On the 8th of February 2015, a clash erupted between police and football fans outside of the military-owned Air Defense Stadium in Cairo, Egypt. Estimates of how many were killed range from 19 to 40, but most sources estimate 22 deaths, with numerous more injured.
There are varying accounts as to what happened and the cause of the events. Al Jazeera reported that supporters of the Zamalek football club tried to force their way into the stadium, creating a stampede. Police then reportedly used tear gas on the crowding fans, and violent struggles began. CNN reports a similar story, noting that the fans stampeding the stadium were ones without tickets attempting to get into the game. BBC includes a slightly different side of the story- Zamalek fans accuse the police around the stadium of forcing them through a fenced-in, narrow passageway entrance, creating a stampede.
The Egyptian football league has been indefinitely suspended while the investigation of this event occurs.
Yet, this already complicated issue is actually much more complex under the surface. Historical context reveals a slew of underlying tensions adding to the conflict.
Let’s go back to the Port Said stadium riot, on the 1st of February 2012, in which 72 people were killed due to fighting between fans. Al Jazeera reports that the fans groups Al-Masry and Al-Ahly, each belonging to an Egyptian football club, clashed at Port Said stadium, resulting in bloodshed and deaths. Football in Egypt was then indefinitely suspended, starting up again a year after the event. Yet, ever since the tragic event, the amount of fans allowed to attend matches has been seriously curbed. In fact, fans weren’t even allowed to attend matches until December of 2014, just weeks before the recent violence in Cairo, where very limited tickets were sold and few people let in (BBC reports that only 5,000 tickets were sold for the recent match in Air Defense Stadium, which can actually hold up to 30,000 spectators).

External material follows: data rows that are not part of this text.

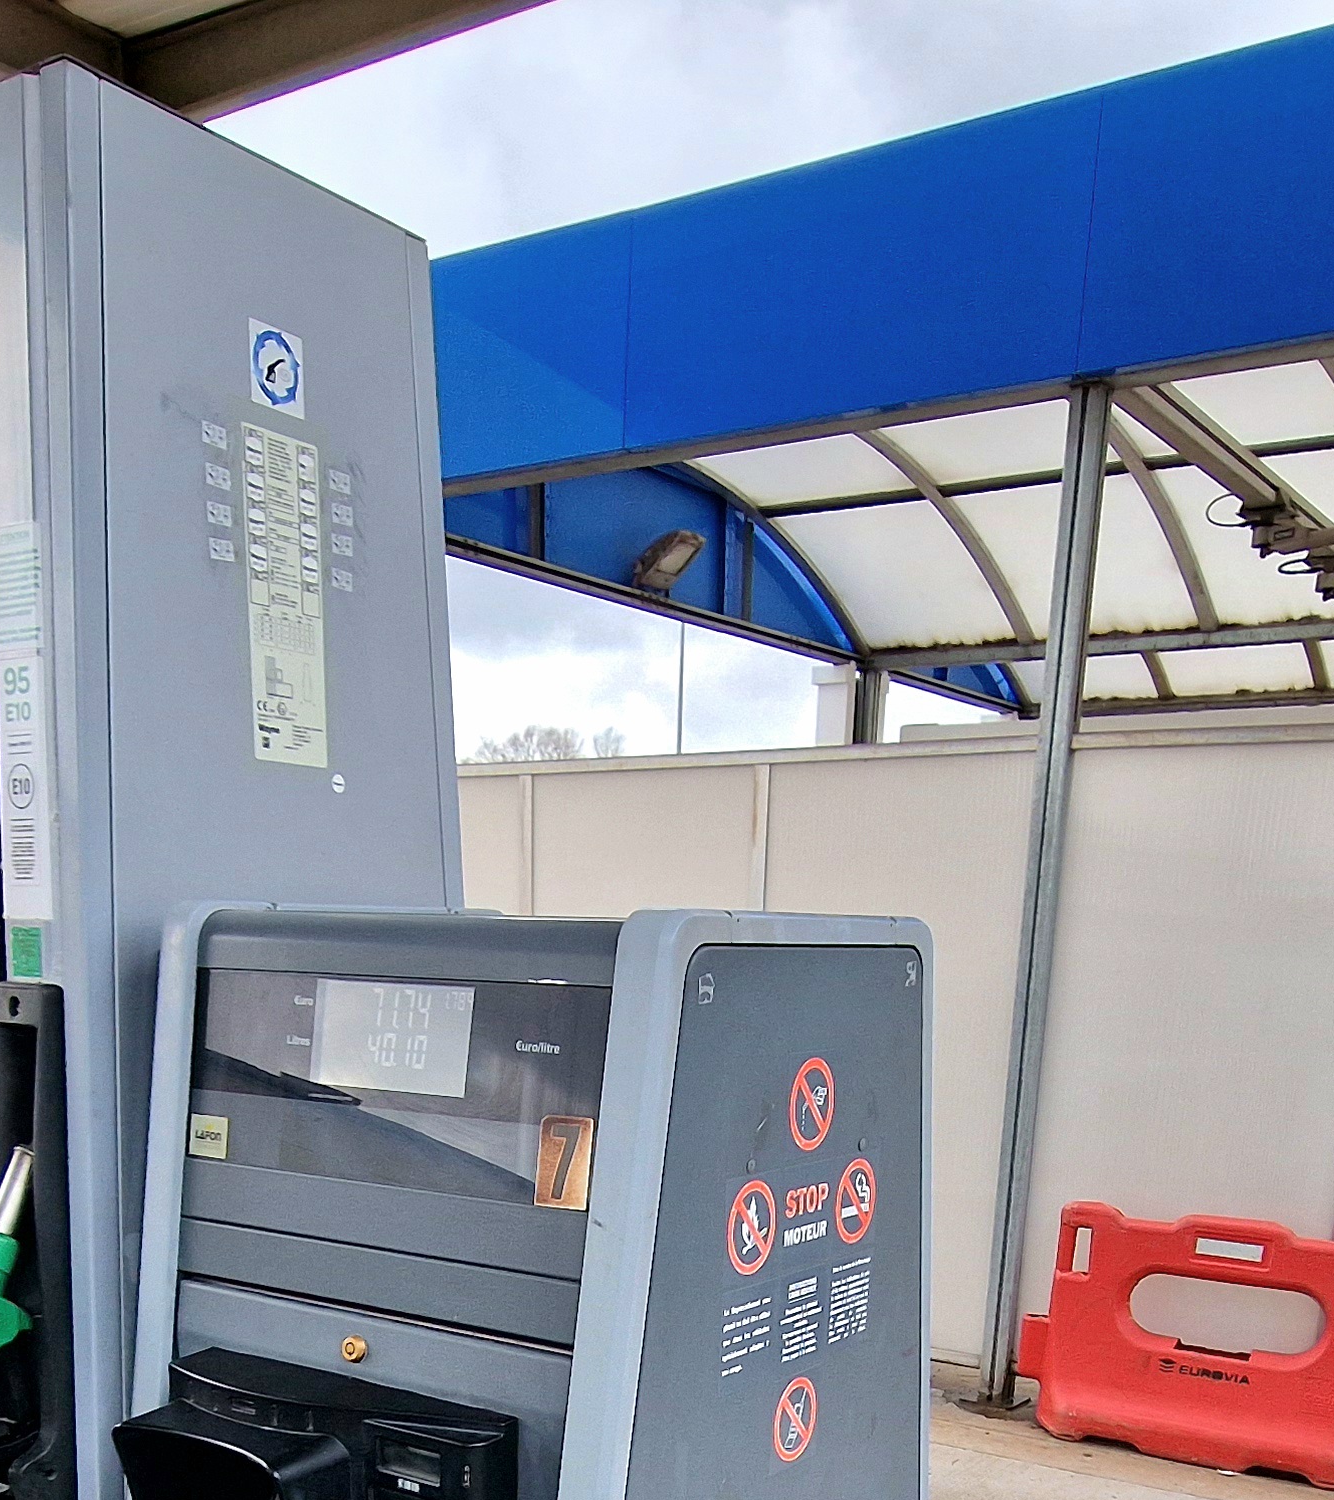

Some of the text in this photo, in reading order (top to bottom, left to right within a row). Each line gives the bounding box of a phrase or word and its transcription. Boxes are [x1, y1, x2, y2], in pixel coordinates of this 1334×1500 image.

[3, 666, 30, 696] 95
[5, 701, 31, 723] E10
[12, 778, 30, 796] E10
[549, 1123, 583, 1201] 7
[784, 1182, 830, 1220] STOP
[783, 1219, 828, 1248] MOTEUR
[1178, 1364, 1251, 1386] EUROVIA

But there’s more. Al Jazeera also reports that it was the Al-Masry fans that attacked the Al-Ahly fans- with explosives, knives, and broken glass. And it gets weirder. Two police officers were sentenced to 15 years in jail for ‘gross negligence’ in relation to the riots. BBC reports that police supposedly failed to intervene in the bloody conflict. 7 other officers were on trial for the same conflict and charge, but were released without any jail time.
Why would police ever let a bloody fan riot continue without intervention? To answer this, we have to go even further back, to the 2011 revolution that ousted Hosni Mubarak and ended his rule. Egyptian football club superfans, also known as ‘ultras’, became politically active, united and took to the streets. The Ultras emerged in 2007, not associated with any political party in particular, but rather with the specific club they supported. The two main fan groups were the ‘Ultras Ahlawy’ supporting Al-Ahly, and the ‘White Nights’ supporting Zamalek. These clubs united and fought with security and police at stadiums, which evolved into a political context, where the protests grew. These fans became idols- Al Jazeera explains the popularity and magnetism of the Ultras, who were mainly young men, full of energy and passion.
Because of the power that the Ultras had in creating political change, it is argued that the negligence in the Port Said massacre was, in fact, a revenge act, and that the police purposefully let the bloodshed continue as punishment to the Al-Ahly ultras for the events of the year before.
Even now, the present bloodshed at hand cannot be disconnected from political issues. BBC reports that “the president of Zamalek, Mortada Mansour, said in an interview with a private TV station that police had not opened fire on the club’s fans, and that the violence was ‘orchestrated’ to undermine the upcoming parliamentary elections”. Mansour is a strict supporter of the current government and it’s leader/ military chief Abdel Fattah el-Sisi. Furthermore, the government’s prosecutor has already ordered the arrest of the leaders of the White Knights.
Clearly, this is a developing conflict that is far from simple or close to being resolved. The football world of Egypt is irrevocably intertwined with the political arena. With all the recurring bloodshed, it is clear that a temporary stall in Egyptian soccer won’t solve the current underlying issues.